We received reports from our colleagues in Hong Kong yesterday about more malware being distributed on Facebook.
If you're a Facebook user, you may get a message such as this, supposedly from a "friend". Since the message was sent by a friend, the likelihood that you would click on the link is much higher. Upon clicking the link, you would be redirected to a hi5.com site that looks something like the one below.
Not surprisingly, the website will tell you that you need to update your Adobe Flash Player by downloading a file. Of course, no matter how many times you try, you don't get to see the video. You do get infected though.
When we investigated this yesterday, the links were down and obtaining a sample for analysis was not possible at that point in time.

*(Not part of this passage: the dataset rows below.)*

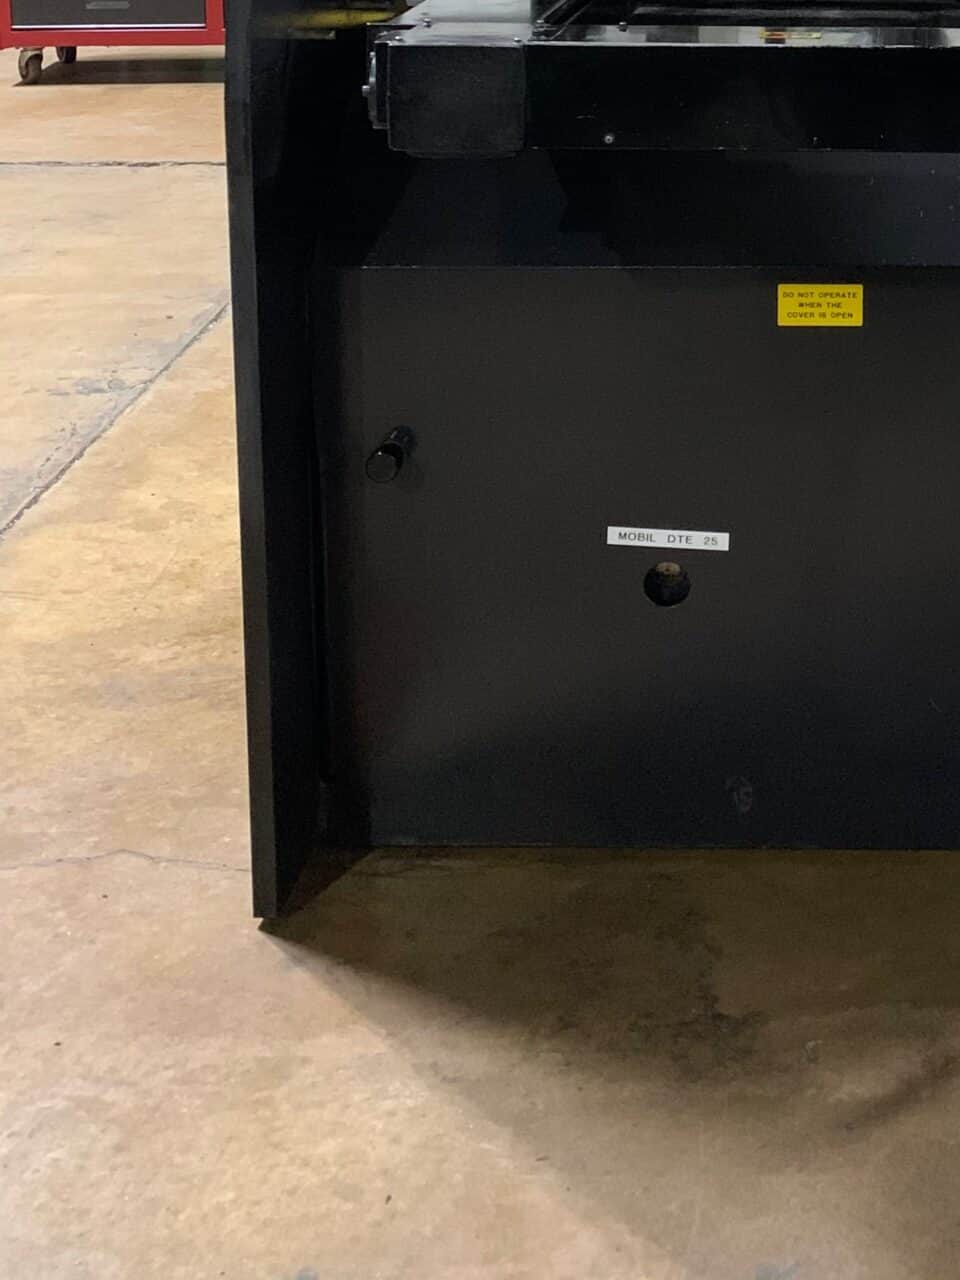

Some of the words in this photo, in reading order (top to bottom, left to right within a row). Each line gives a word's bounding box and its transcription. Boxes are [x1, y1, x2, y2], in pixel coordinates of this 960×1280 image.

[787, 311, 815, 319] COVER
[818, 311, 827, 319] IS
[617, 531, 656, 543] MOBIL
[667, 534, 693, 545] DTE
[703, 536, 719, 546] 25

Thanks to Lordian however - who tried again after being woken up by his neighbors late last night — we succeeded in obtaining a sample, which is detected as Net-Worm.Win32.Koobface.bp. Depending on the user agent, Net-Worm.Win32.Koobface.bm might also be served up.
Incidentally, if you are using any platform other than Windows, you just get redirected to the real YouTube.

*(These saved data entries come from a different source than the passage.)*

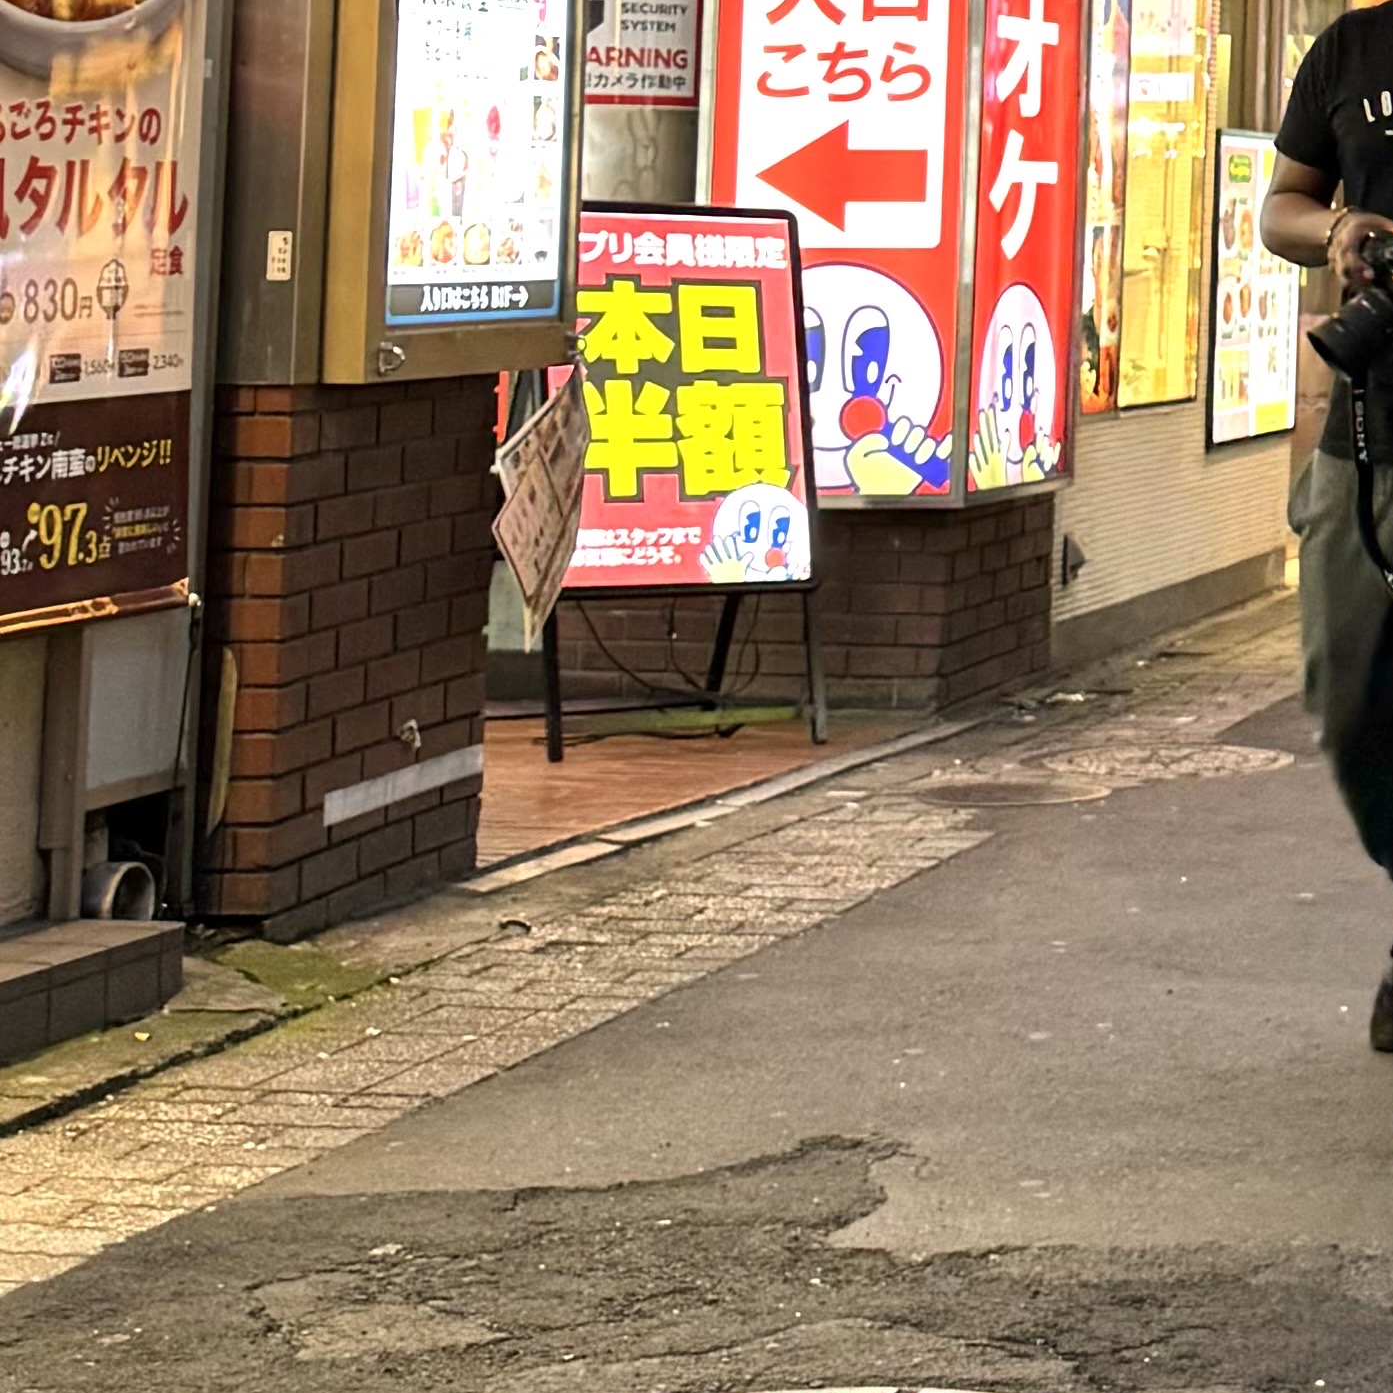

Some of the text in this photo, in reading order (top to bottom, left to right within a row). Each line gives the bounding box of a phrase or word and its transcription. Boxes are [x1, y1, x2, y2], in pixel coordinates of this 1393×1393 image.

[621, 2, 689, 16] SECURITY
[621, 19, 676, 33] SYSTEM
[756, 41, 932, 102] こちら
[577, 280, 761, 374] 本日
[584, 380, 790, 498] 半額
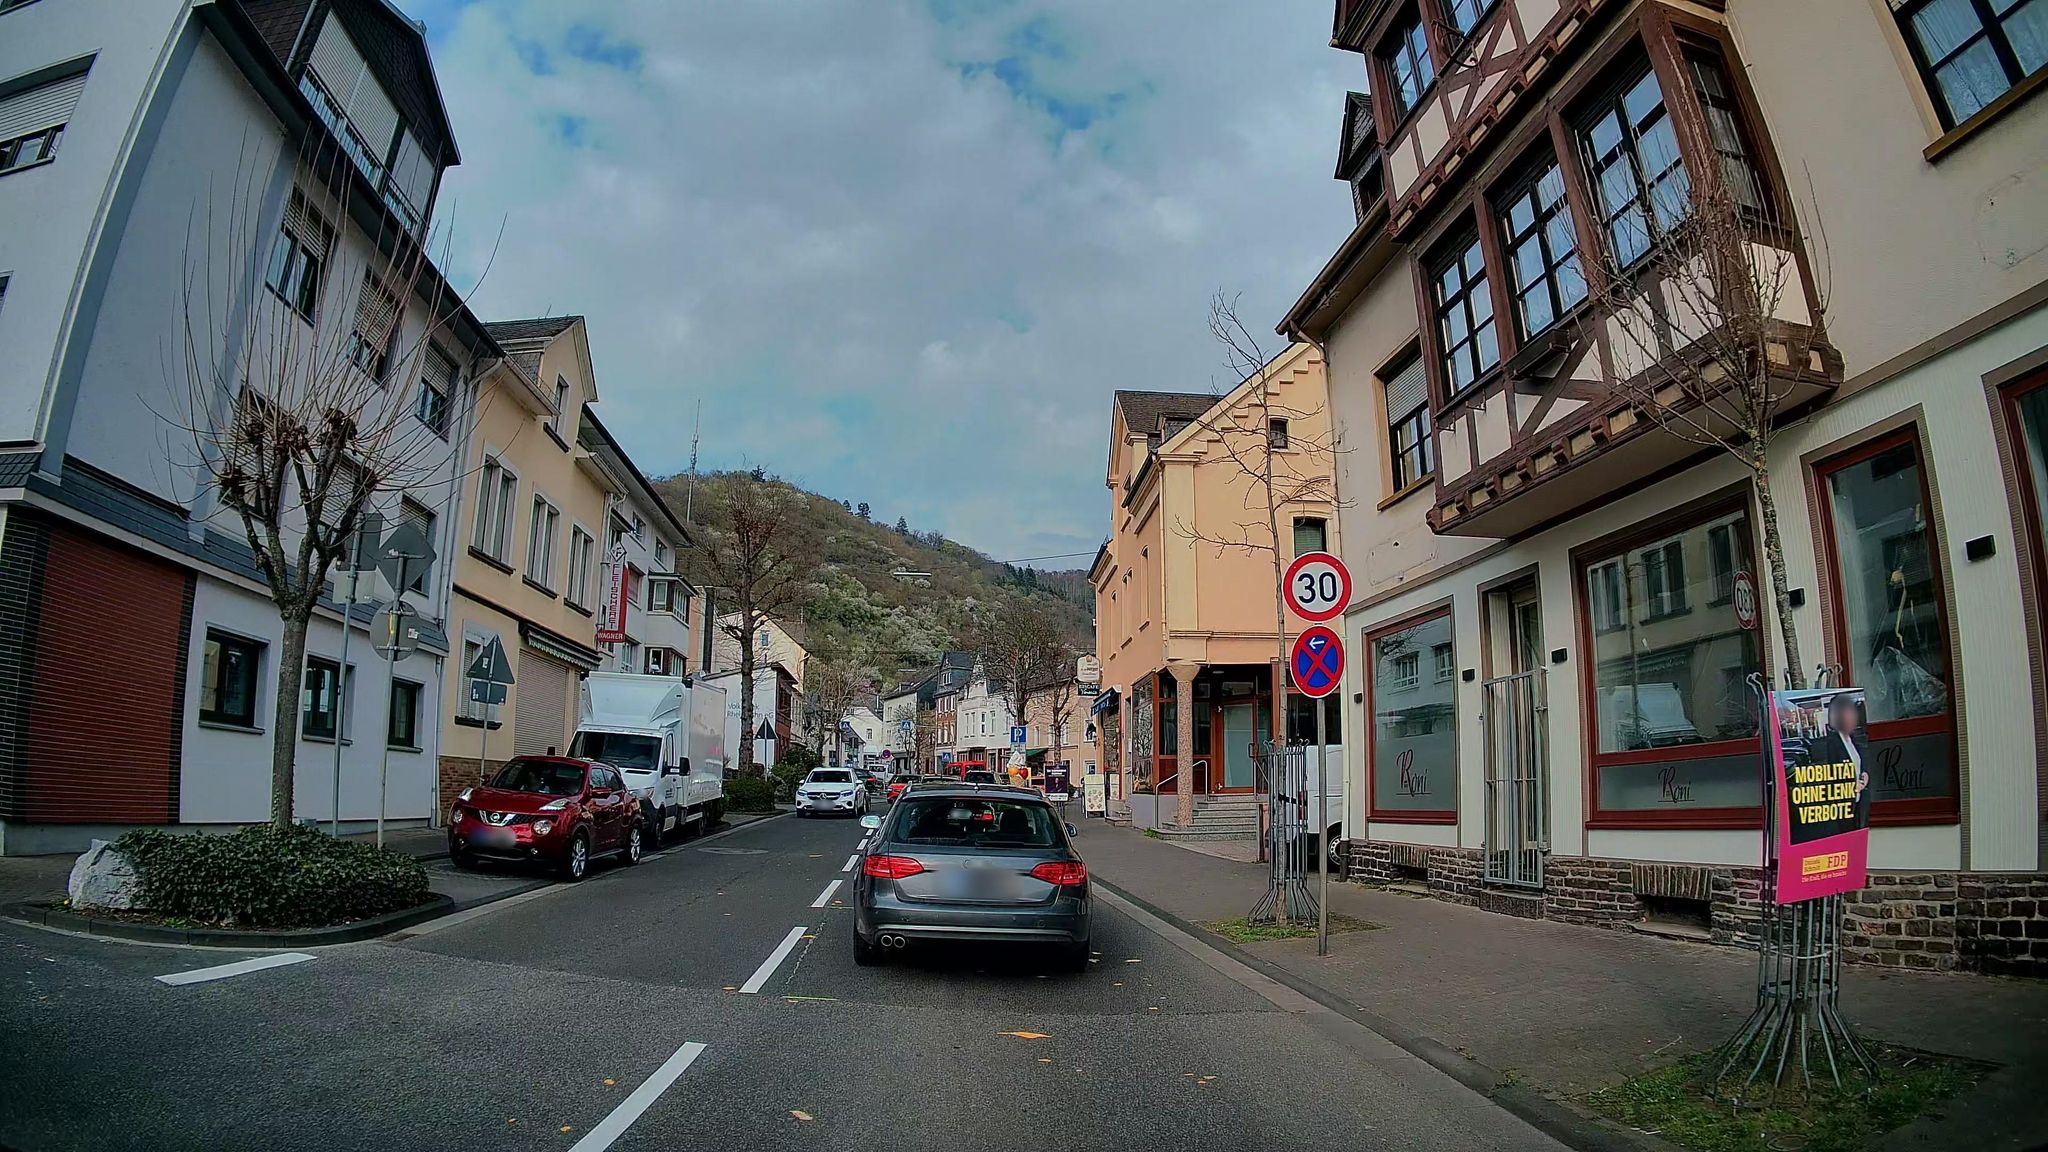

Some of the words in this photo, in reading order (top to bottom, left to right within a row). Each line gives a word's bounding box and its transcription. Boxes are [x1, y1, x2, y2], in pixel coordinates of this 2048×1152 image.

[609, 563, 620, 629] FLEISCHEREI
[1297, 571, 1338, 604] 30
[597, 631, 623, 641] WAGNER
[1013, 728, 1023, 742] P
[1396, 748, 1428, 797] Roni
[1795, 759, 1855, 783] MOBILITÄT
[1877, 745, 1924, 791] Roni
[1658, 766, 1692, 803] Roni
[1792, 784, 1826, 805] OHNE
[1799, 802, 1854, 824] VERBOTE.
[1827, 854, 1847, 869] FDP

It looks as if Facebook is increasingly becoming a popular target for all sorts of attacks. You can read through the numerous topics on this issue at the Facebook Public Discussion Board. Do note that some of the discussion topics include live links though, so be careful what you click.
On a related note, we've noticed that there is a Facebook phish, live at
faceiibook.com and registered in China.
(F-Secure)